Machine Learning Based Stress Prediction Around the Hole of Attachment Lug Structures for Flaw Tolerance Evaluations


Gultekin E. N., Taskinoglu E. E., Ozkan B.

81st Annual Vertical Flight Society Forum and Technology Display, FORUM 2025, Virginia, United States Of America, 20 - 22 May 2025, (Full Text) identifier

  • Publication Type: Conference Paper / Full Text
  • City: Virginia
  • Country: United States Of America
  • Middle East Technical University Affiliated: Yes

Abstract

This study investigates the stress concentration and damage tolerance of lug structures, with an application example using the horizontal tail plane lug of a light utility helicopter. Using Finite Element Analysis (FEA), stress distributions around the lug hole were simulated under varying load conditions to understand how different loading angles and magnitudes affect stress concentrations.
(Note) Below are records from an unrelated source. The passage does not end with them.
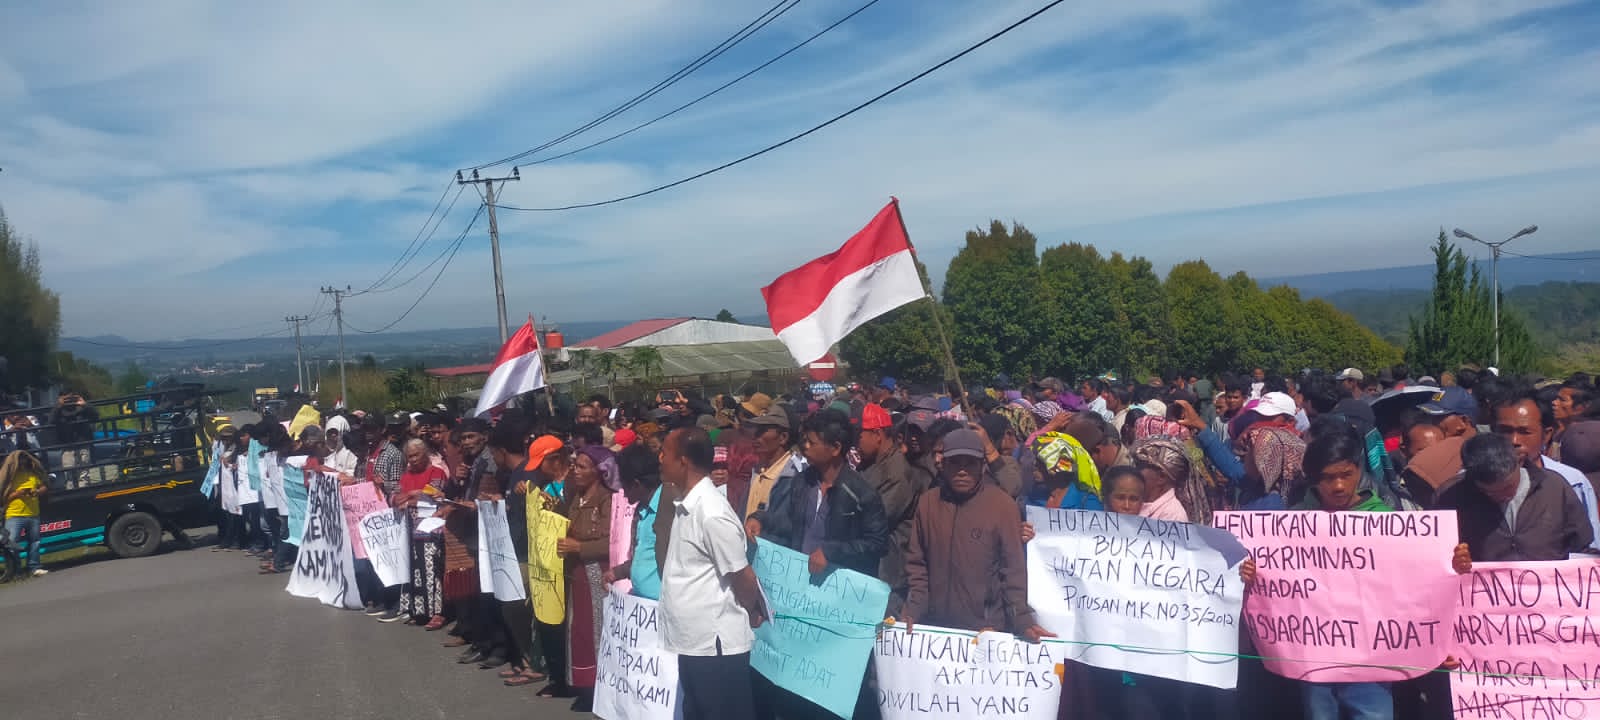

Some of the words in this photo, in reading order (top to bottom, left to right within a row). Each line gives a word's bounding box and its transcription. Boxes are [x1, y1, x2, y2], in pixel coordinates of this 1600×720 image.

[1048, 509, 1120, 532] HUTAN
[1136, 517, 1193, 541] ADAT
[1214, 512, 1317, 538] HENTIKAN
[1328, 513, 1439, 538] INTIMIDASI
[1093, 535, 1176, 561] BUKAN
[1052, 556, 1121, 583] HUTAN
[1133, 562, 1226, 598] NEGARA
[1063, 585, 1120, 614] PUTUSAN
[627, 603, 658, 632] ADA
[1373, 619, 1441, 650] ADAT
[935, 666, 1053, 690] AKTIVITAS
[1458, 657, 1548, 689] MARGA
[636, 679, 671, 708] KAMI
[971, 696, 1029, 715] YANG
A machine learning approach was employed to predict stress distributions based on a dataset generated from FEA simulations. Several regression models were tested and Random Forest Regression model yields the best predictive accuracy among the others. The study also incorporates a flaw tolerance analysis using the NASGRO® software to calculate the crack growth characteristics of the horizontal tail plane lug structure under service loading. The results highlight the importance of stress distribution variability and identifying the most critical point of the lug structure under service loading with changing angle and amplitude. This research provides insights into the structural integrity of lug components under dynamic loading, contributing to more reliable flaw tolerance assessments for aerospace applications using machine learning techniques.